Self-Review (completed)

  • Spec coverage: mesh concern (spec §1) → Tasks 13; vault stub (spec §2) → Task 4; ubongo+askari enrol (spec §3) → Tasks 4,6; laptops (spec §3) → Task 7; reachability via default policy (spec §4) → Task 6 step 4; deferred hardening (spec §6) → recorded in Task 8; operator handoff (spec) → Task 5. Testing (spec) → Task 3 (hermetic) + Task 6 (live). All covered.
  • Placeholder scan: the "confirm in Task 1" markers are ADR-014 verification points executed in Task 1 (the repo URL/key/pin/status-string), not vague TODOs — Task 2's code carries the expected values to confirm, matching how M4a/M4b pinned versions in-plan.

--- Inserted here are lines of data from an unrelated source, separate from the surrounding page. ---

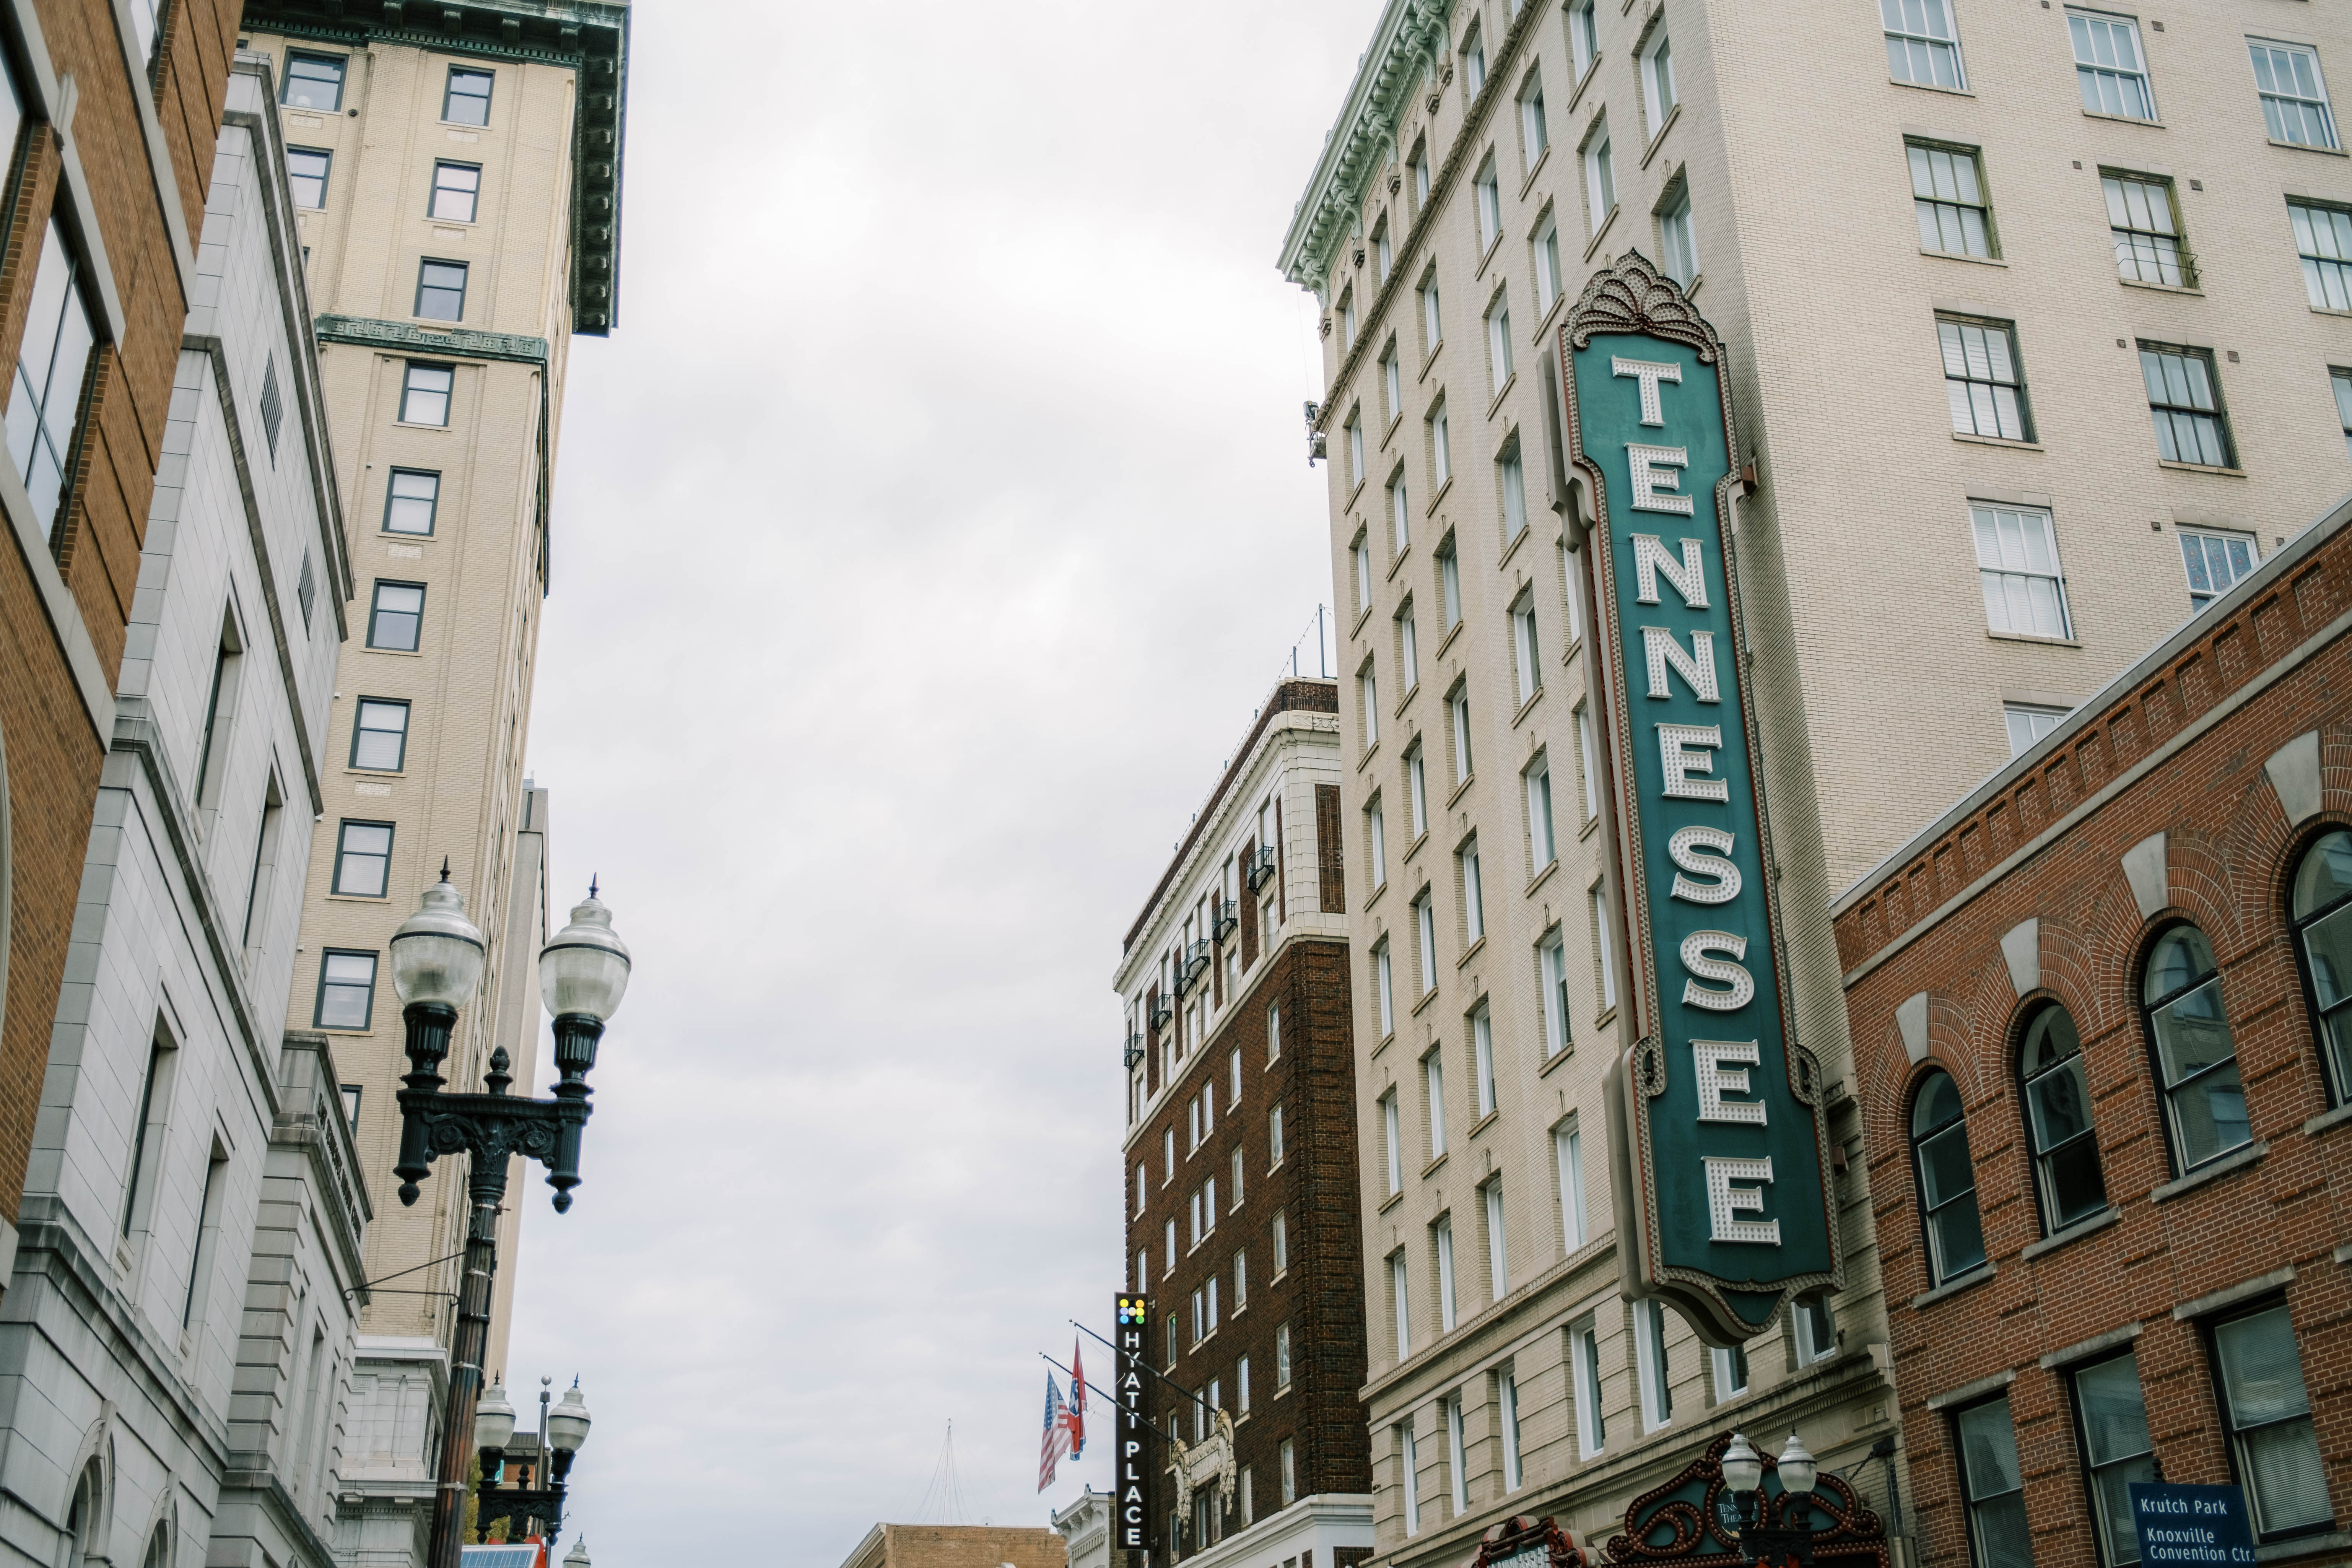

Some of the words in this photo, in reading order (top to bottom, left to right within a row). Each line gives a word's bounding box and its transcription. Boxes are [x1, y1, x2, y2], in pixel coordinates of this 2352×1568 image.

[1611, 355, 1781, 1246] TENNESSEE
[1124, 1331, 1140, 1429] HYATT
[1125, 1441, 1142, 1545] PLACE
[2141, 1498, 2188, 1513] Krutch
[2195, 1500, 2227, 1514] Park
[1721, 1512, 1756, 1523] THEAE
[2147, 1528, 2214, 1543] Knoxville
[2150, 1545, 2226, 1561] Convention
[2232, 1547, 2255, 1562] Ctr.

  • Consistency: base__mesh_enabled (opt-in) vs base__mesh_manage (test gate) used consistently across defaults, tasks, include, converge, and the no-op assertion; vault.netbird.setup_key matches between defaults, vault stub, and Task 5; mesh tag added (Task 1) before it is used (Task 2).
  • Risk: the only live risk is Task 6 on the control node — mitigated because the mesh concern makes no firewall change (SSH stays open on all paths), askari is enrolled first as the lower-risk rehearsal, and the host nftables lockdown is explicitly out of scope.